Writing in the Wall Street Journal last week, Rob Green, executive director of the National Council of Chain Restaurants, came down pretty hard on the renewable fuels standard (RFS), blaming it for distorted commodity markets and higher grocery bills.
The study he cited was about as insightful as a stuffed turkey.
National Corn Growers Association president Pam Johnson said, “A half-baked report from the lobbyists for chain restaurants does not serve up an accurate picture of ethanol’s impact when it comes to boosting jobs in rural America, lowering fuel prices or helping increase energy independence by expanding domestic, renewable fuel use in the United States.”
That’s not to mention that the study was a couple of plates shy of a full table setting.
The PricewaterhouseCoopers study Green cited claimed that to meet the federal ethanol mandate of 15 billion gallons of ethanol in gasoline annually by 2015, “5.3 billion bushels of corn per year – equal to more than 40 percent of the 2011 corn crop – must be processed and burned as ethanol, not used for food or livestock feed.”

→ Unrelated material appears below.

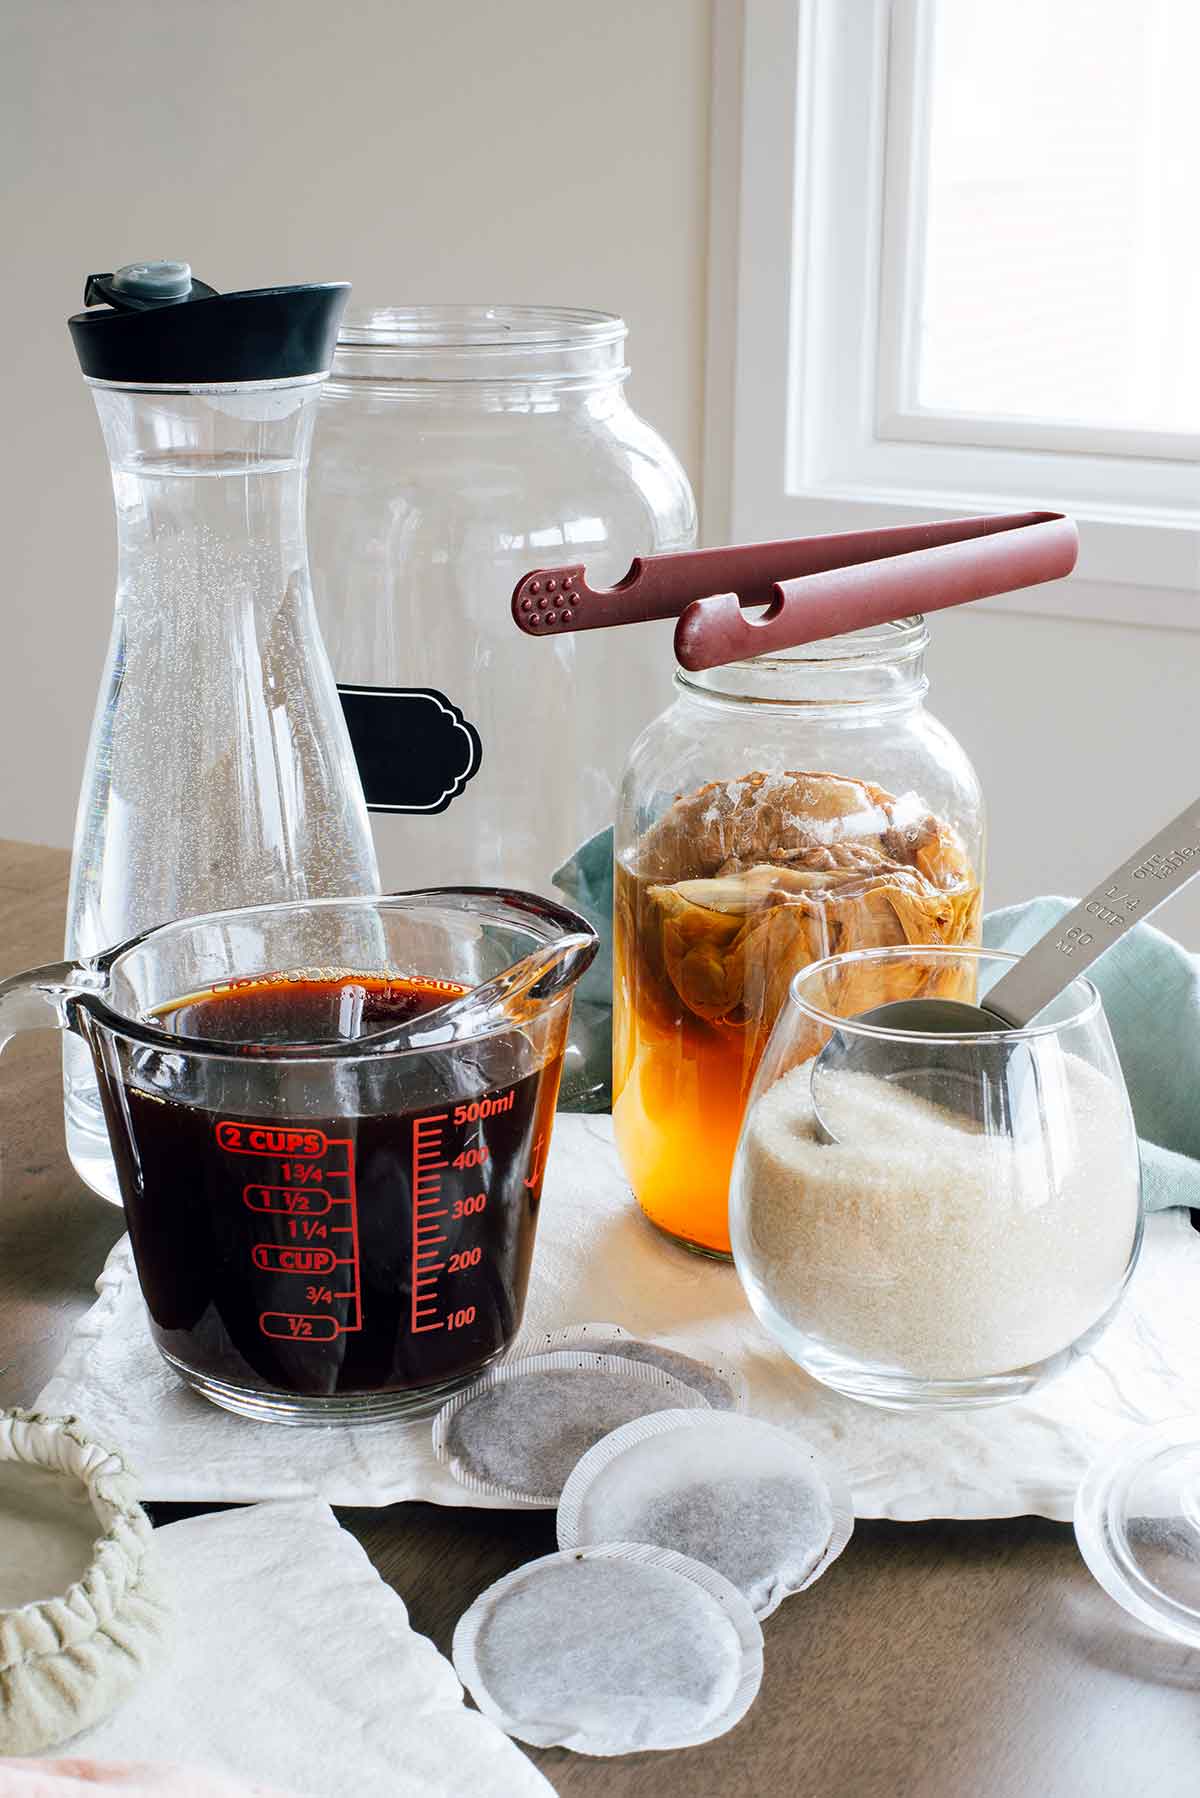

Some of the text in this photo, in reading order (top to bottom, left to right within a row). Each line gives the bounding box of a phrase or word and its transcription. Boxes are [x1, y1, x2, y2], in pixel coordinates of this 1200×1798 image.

Not true. A whole lot of dried distillers grains, a by-product of the corn-for-ethanol process, goes back into the market as livestock feed, changing the percentage considerably.
You’d think the folks at PwC would have dug a little deeper to find that little morsel? Guess not.
I’m also a little perplexed by the study’s claim that that the federal ethanol mandate costs the typical chain restaurant $18,000 per year, per restaurant location, and by Green’s claim that this money “could otherwise go to building new restaurants, expanding operations or hiring new workers.”
Is Green saying that restaurants absorb higher food costs associated with the ethanol mandate? Or perhaps a decline in patronage has occurred? He doesn’t explain, but if it’s the former, I had the idea restaurants typically pass food costs on to consumers.
In any event, everything is costing more these days, and everybody is looking for somebody or something to blame.
Meanwhile, a much more reputable study from the Food and Agriculture Policy Research Institute found that a year-long waiver of the RFS in 2012-13 would reduce corn prices by only 4 cents per bushel, reduce corn ethanol production by 1.3 percent, increase corn for livestock by less than one percent and decrease beef prices by 1 cent per pound.
There’s also the impact that ethanol has had on the cost of fuel. For example, in May, the Center for Agricultural and Rural Development released a study finding that in 2011, ethanol reduced wholesale gasoline prices by $1.09 per gallon nationally. That reduced the average household spending on gasoline by $1,200 last year.
According to the Renewable Fuels Association, this meant Americans saved an average $29.13 on an average Thanksgiving trip. That’s enough to buy a much more agreeable stuffed turkey than the one Green tried to serve up.